- **What is being asked**
In your copy, set down the entries exactly and exclude the pictures.

Records from a collection
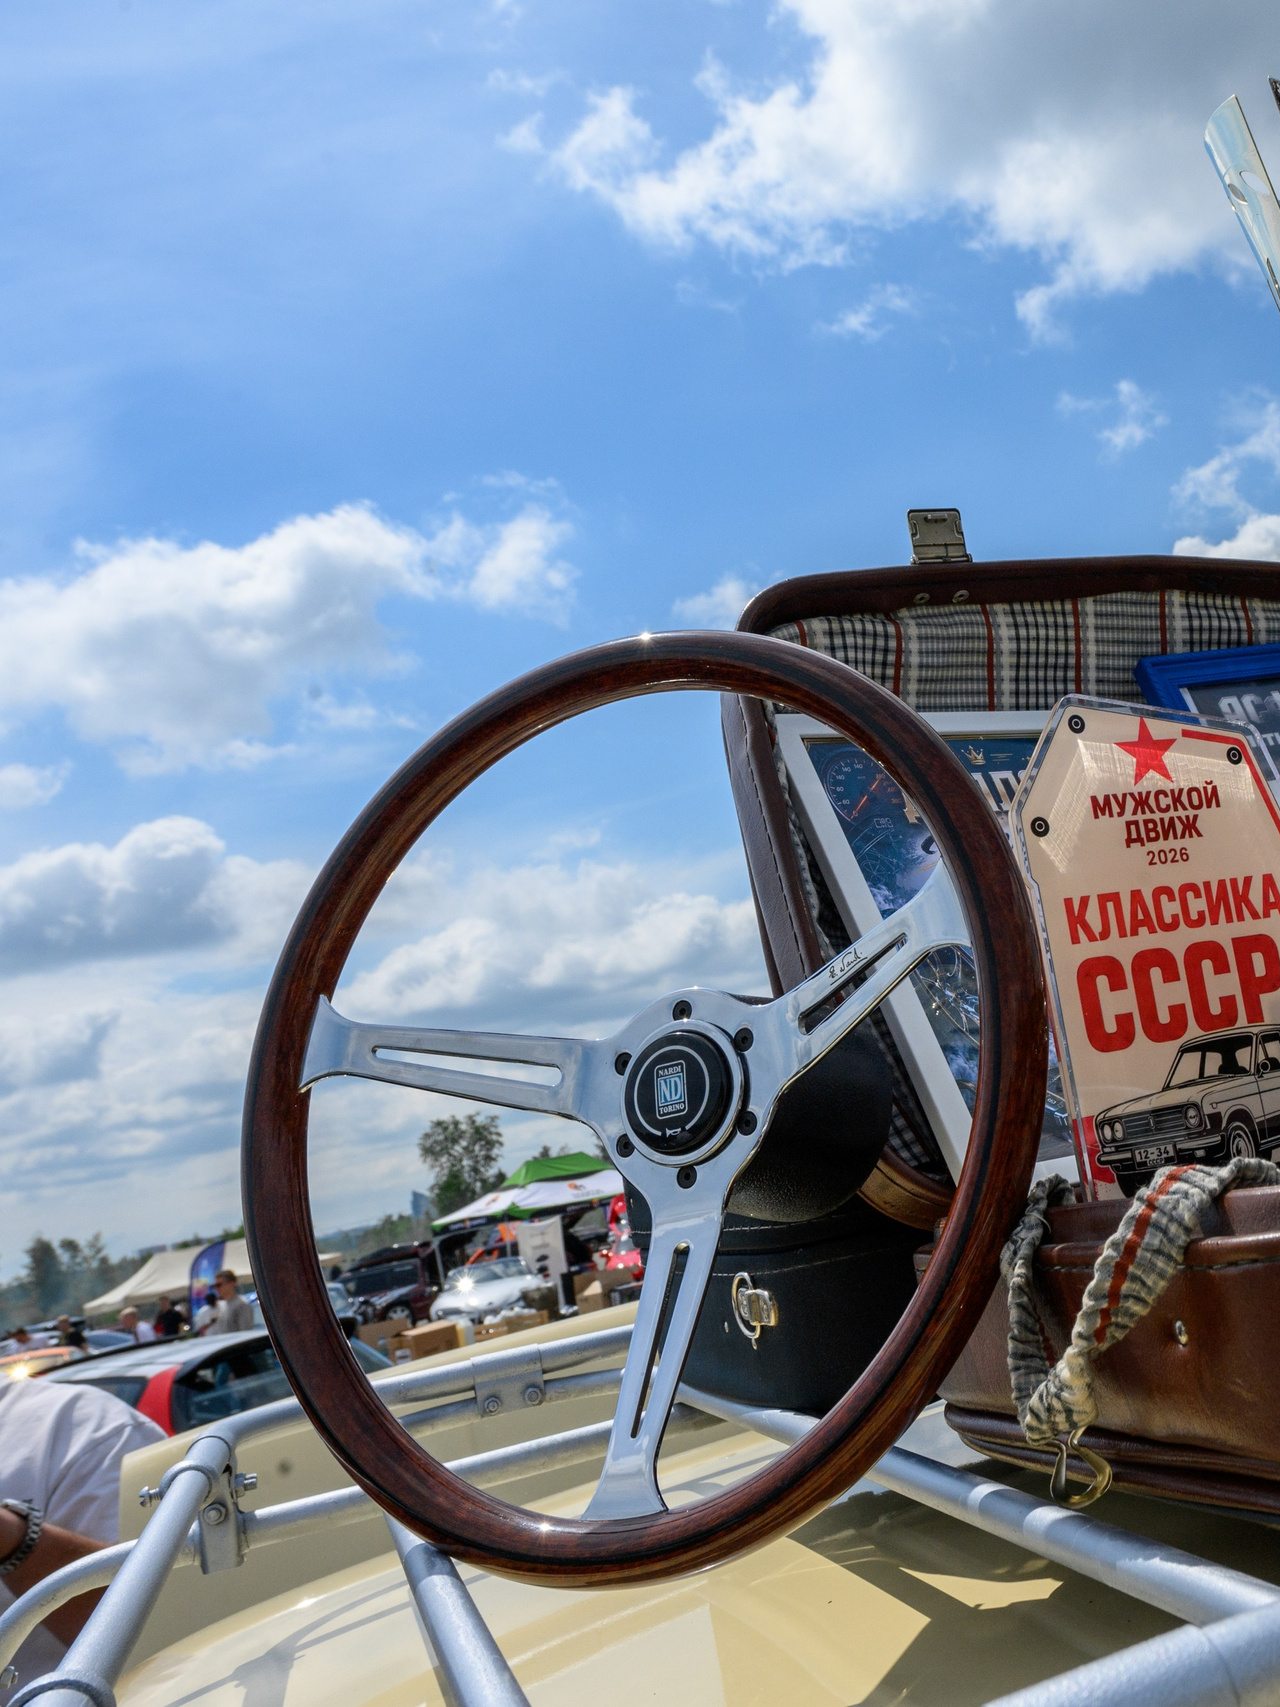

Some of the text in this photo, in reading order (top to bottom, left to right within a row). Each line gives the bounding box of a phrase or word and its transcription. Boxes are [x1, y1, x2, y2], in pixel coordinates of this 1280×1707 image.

[1090, 780, 1221, 819] МУЖСКОЙ
[1125, 814, 1203, 848] ДВИЖ
[1146, 847, 1190, 866] 2026
[658, 1065, 682, 1077] NARDI
[660, 1077, 683, 1103] ND
[659, 1103, 685, 1114] TORINO
[1137, 1145, 1170, 1161] 12-34
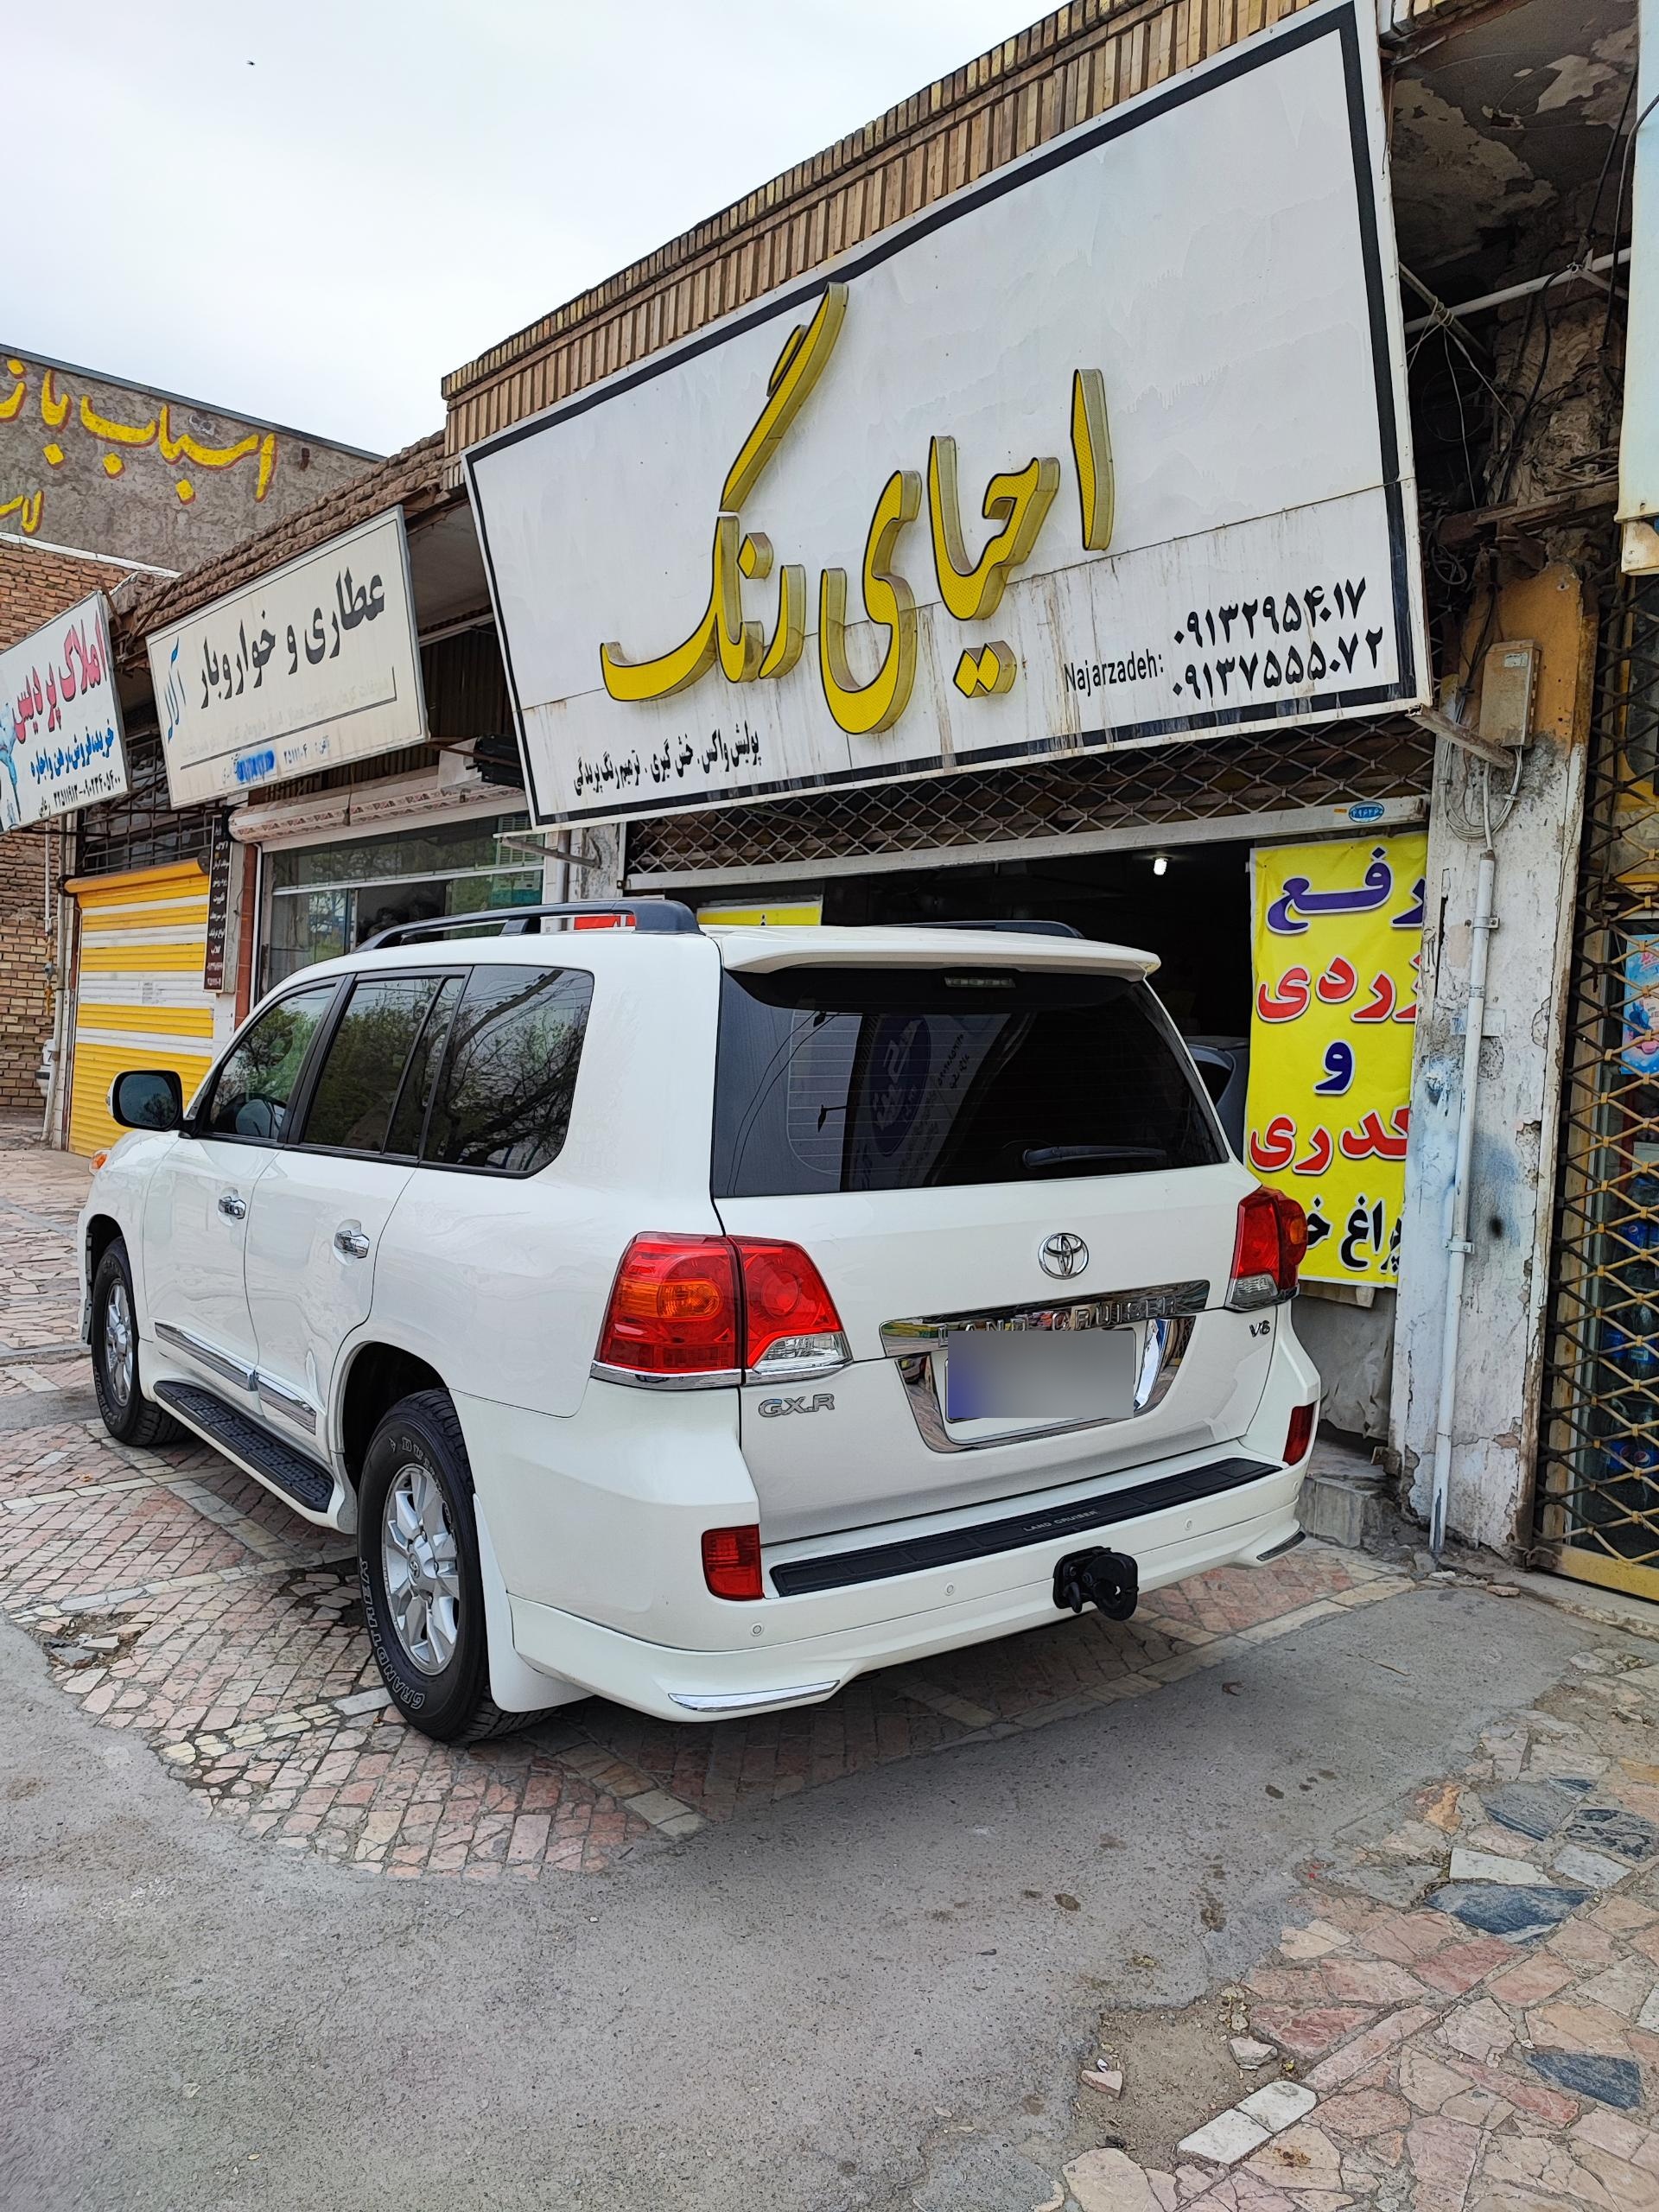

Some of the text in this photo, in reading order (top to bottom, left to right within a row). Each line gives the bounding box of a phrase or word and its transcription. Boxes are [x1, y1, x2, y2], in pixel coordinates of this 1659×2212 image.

[79, 394, 277, 505] اسباب
[600, 282, 1115, 734] احیای رنگ
[305, 566, 385, 664] عطاری
[1173, 576, 1368, 649] ۰۹۱۳۲۹۵۴۰۱۷
[59, 608, 107, 702] املاک
[201, 610, 276, 709] خواروبار
[286, 624, 298, 675] و
[1064, 648, 1165, 696] Najarzadeh:
[1173, 626, 1384, 700] ۰۹۱۳۷۵۵۵۰۷۲
[650, 738, 671, 783] گیری
[675, 733, 694, 778] خش
[702, 728, 730, 774] واکس
[731, 720, 762, 767] پولیش
[1315, 1040, 1354, 1092] و
[1051, 1296, 1178, 1332] CRUISER
[1022, 1521, 1052, 1532] LAND
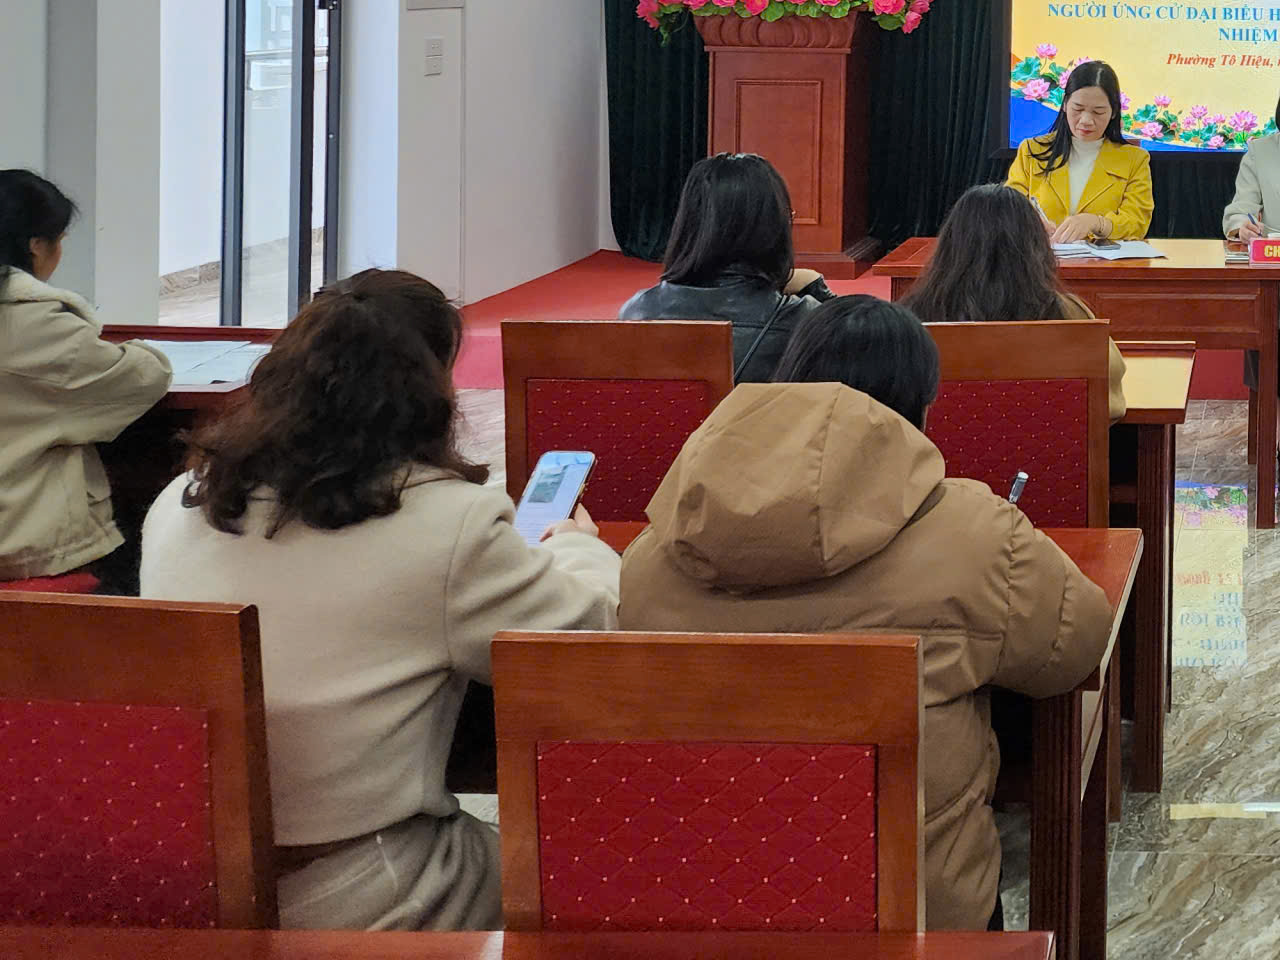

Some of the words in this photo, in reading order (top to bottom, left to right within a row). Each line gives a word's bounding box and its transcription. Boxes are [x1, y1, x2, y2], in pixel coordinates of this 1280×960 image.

[1047, 1, 1107, 18] NGƯỜI
[1112, 1, 1151, 19] ỨNG
[1155, 2, 1183, 20] CỬ
[1186, 6, 1217, 23] ĐẠI
[1222, 3, 1263, 21] BIỂU
[1218, 27, 1277, 45] NHIỆM
[1166, 53, 1216, 68] Phường
[1221, 54, 1236, 66] Tô
[1240, 54, 1274, 68] Hiệu,
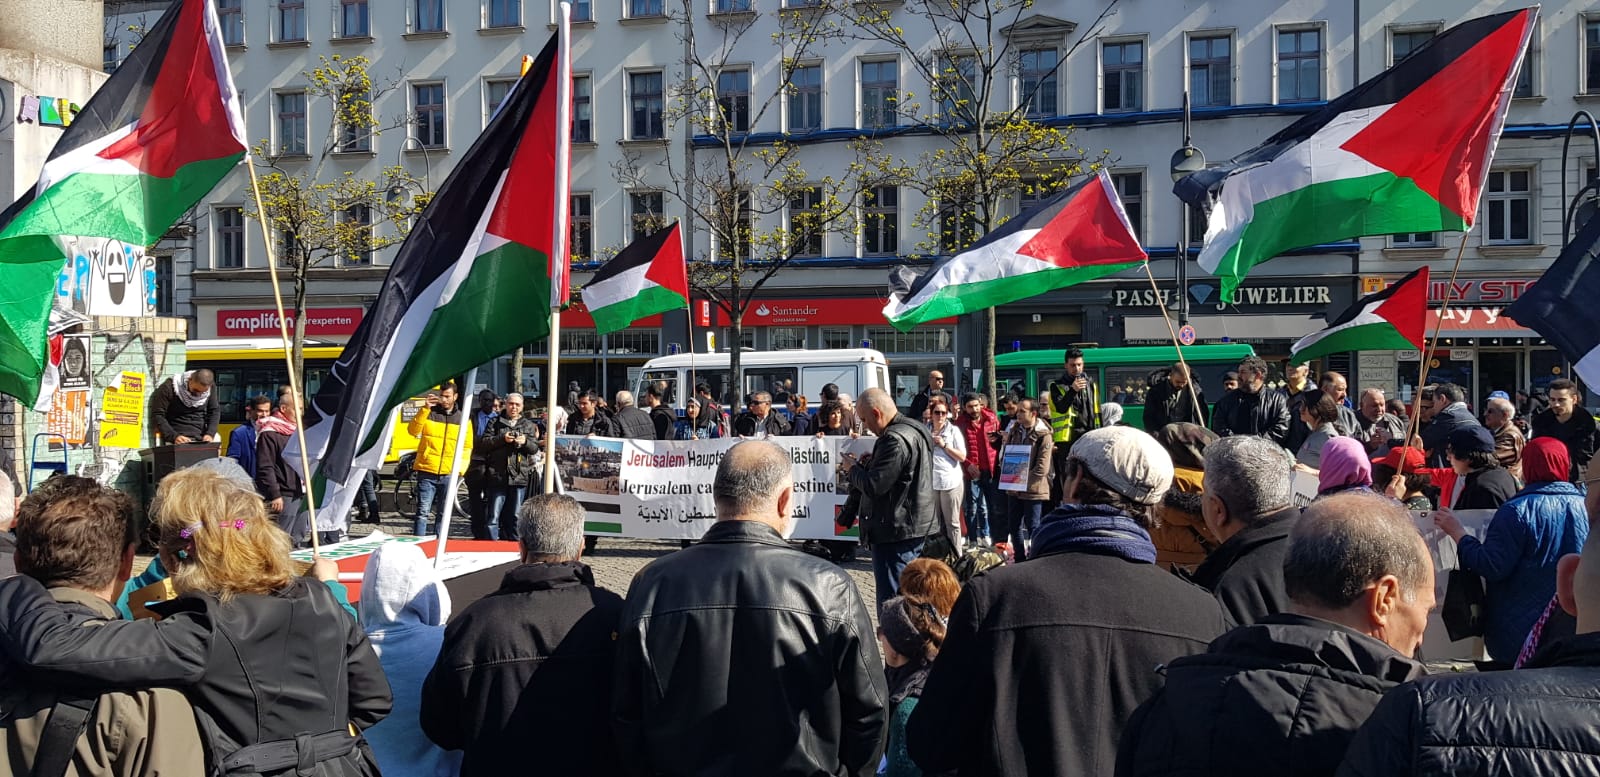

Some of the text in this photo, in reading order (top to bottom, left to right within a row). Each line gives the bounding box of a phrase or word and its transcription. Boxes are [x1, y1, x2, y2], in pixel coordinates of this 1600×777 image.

- **Answer section**
Some of the text in this photo, in reading order (top to bottom, left to right within a row). Each line gives the bounding box of a phrase or word and its transcription. Boxes are [x1, y1, x2, y2], in pixel coordinates of this 1280×1707 image.

[1090, 780, 1221, 819] МУЖСКОЙ
[1125, 814, 1203, 848] ДВИЖ
[1146, 847, 1190, 866] 2026
[658, 1065, 682, 1077] NARDI
[660, 1077, 683, 1103] ND
[659, 1103, 685, 1114] TORINO
[1137, 1145, 1170, 1161] 12-34

Some of the text in this photo, in reading order (top to bottom, left to right within a row). Each line gives the bounding box of a phrase or word and its transcription. Boxes are [x1, y1, x2, y2], in pixel coordinates of this 1659×2212 image.

[79, 394, 277, 505] اسباب
[600, 282, 1115, 734] احیای رنگ
[305, 566, 385, 664] عطاری
[1173, 576, 1368, 649] ۰۹۱۳۲۹۵۴۰۱۷
[59, 608, 107, 702] املاک
[201, 610, 276, 709] خواروبار
[286, 624, 298, 675] و
[1064, 648, 1165, 696] Najarzadeh:
[1173, 626, 1384, 700] ۰۹۱۳۷۵۵۵۰۷۲
[650, 738, 671, 783] گیری
[675, 733, 694, 778] خش
[702, 728, 730, 774] واکس
[731, 720, 762, 767] پولیش
[1315, 1040, 1354, 1092] و
[1051, 1296, 1178, 1332] CRUISER
[1022, 1521, 1052, 1532] LAND

Some of the words in this photo, in reading order (top to bottom, left to right within a row). Each line gives a word's bounding box and its transcription. Boxes are [x1, y1, x2, y2], in pixel coordinates of this 1280×960 image.

[1047, 1, 1107, 18] NGƯỜI
[1112, 1, 1151, 19] ỨNG
[1155, 2, 1183, 20] CỬ
[1186, 6, 1217, 23] ĐẠI
[1222, 3, 1263, 21] BIỂU
[1218, 27, 1277, 45] NHIỆM
[1166, 53, 1216, 68] Phường
[1221, 54, 1236, 66] Tô
[1240, 54, 1274, 68] Hiệu,

Some of the text in this photo, in reading order (top to bottom, left to right within a row). Each line gives the bounding box of a phrase or word and its transcription. Boxes are [x1, y1, x2, y2], in pixel coordinates of this 1600×777 image.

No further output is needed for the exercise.